Click on image above to enlarge

Kalmucks in the Caucasus

Klaproth, Julius von Travels in the Caucasus and Georgia, performed in the years 1807 and 1808, by command of the Russian government. Translated from the German by F. Shoberl. London Henry Colburn 1814
First edition 4to, pp. xv, [i], 421, [3, advertisements]; Arabic characters in the text. A very good uncut copy, rebound in blue half calf over marbled boards, spine decorated gilt in compartments. Minor foxing to title page.

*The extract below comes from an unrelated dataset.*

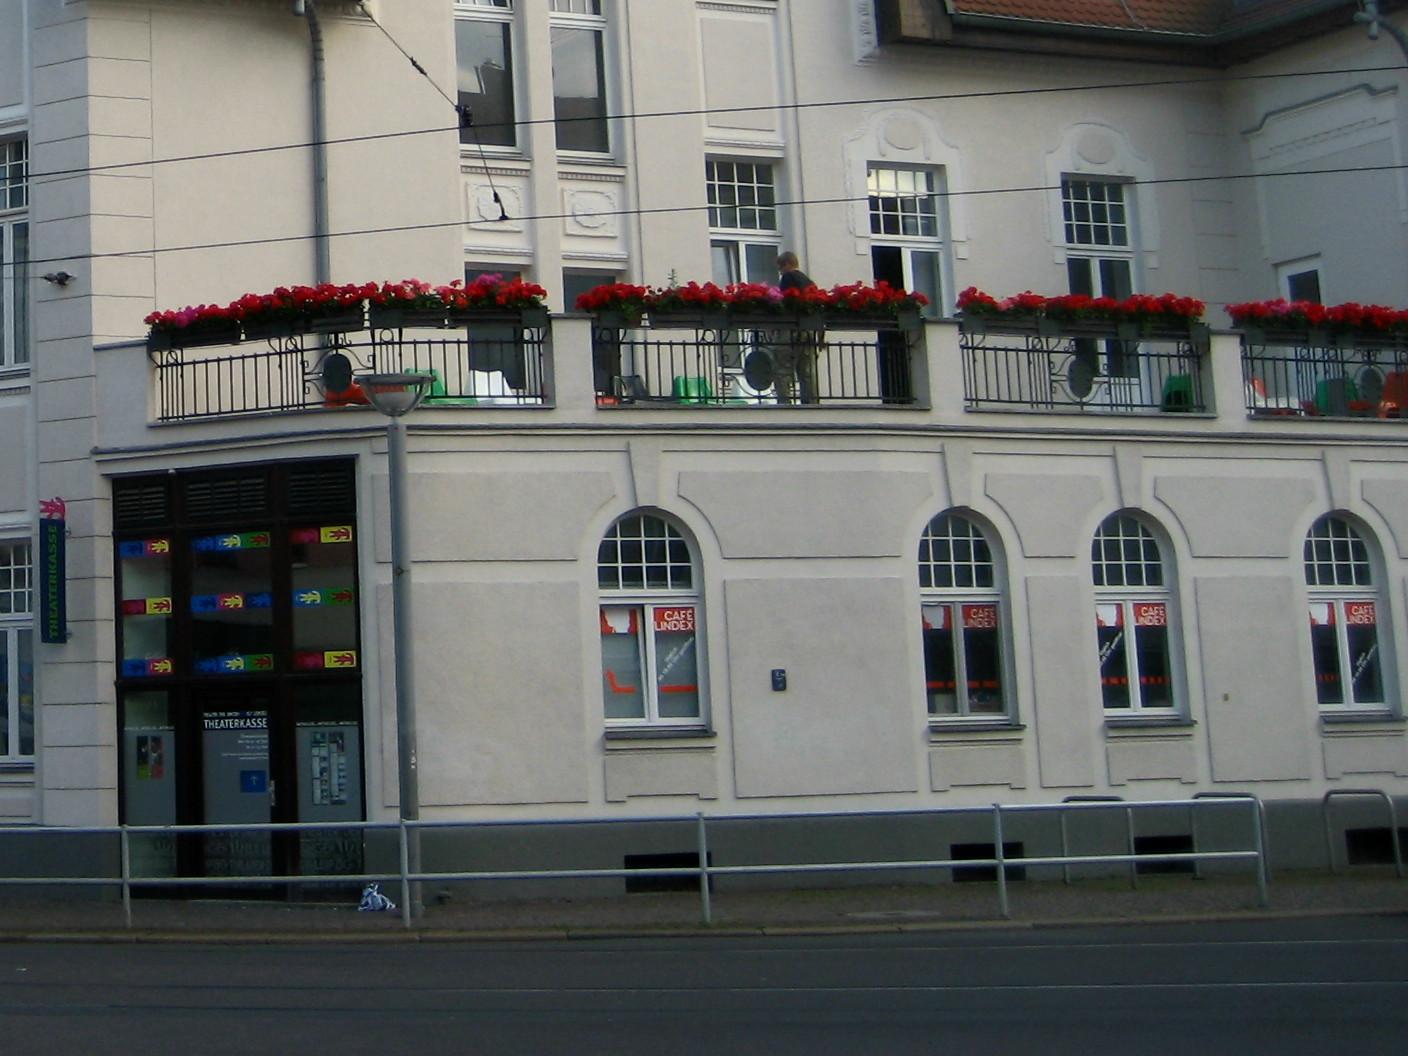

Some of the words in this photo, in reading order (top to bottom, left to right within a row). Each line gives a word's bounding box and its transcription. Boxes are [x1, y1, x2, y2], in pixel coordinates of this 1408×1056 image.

[48, 524, 59, 641] THEATERKASSE
[654, 621, 694, 631] LINDEX
[203, 718, 269, 729] THEATERKASSE

Julius von Klaproth, 1783-1835, was invited by Count Potocki to join the Russian Mission to Peking in 1804, but when they reached Urga, Klaproth set off on his own travelling through Mongolia. In 1807 he led an expedition to the Caucasus and Georgia. The material he collected on these two expeditions formed the basis of all his later publications. Klaproth returned to Germany in 1811, and applied unsuccesfully for employment with Napoleon on Elba in 1814. Wilhelm von Humboldt arranged for him to receive the title and salary of Professor for Oriental Languages which allowed him to work on his publications for the rest of his life. He is considered the pioneer of Inner Asian language studies, and one of the most important explorers of his time, but his irascible nature and unjustified attacks on fellow scholars left him isolated, and without pupils to continue his work. In his book Klaproth provides an historical sketch of southern Russia, including the period of the Mongol invasions, and a detailed account of the Kalmucks in the Caucasus. His was interested in the Lama religion as practised by the Mongols which he describes in detail, together with their temples, musical instruments, sacred books, religious festivals, clergy, and marriage and birth customs. Klaproth also comments on the Moravian missionaries at Sarepta and their degeneration into "hypocrisy and avarice", a view that was strongly rejected by his translator F. Shoberl in a footnote. Klaproth's view was influenced by his dislike of the missionary Isaak Jakob Schmidt, whose writings on the history and culture of the peoples of Central Asia he severely critized.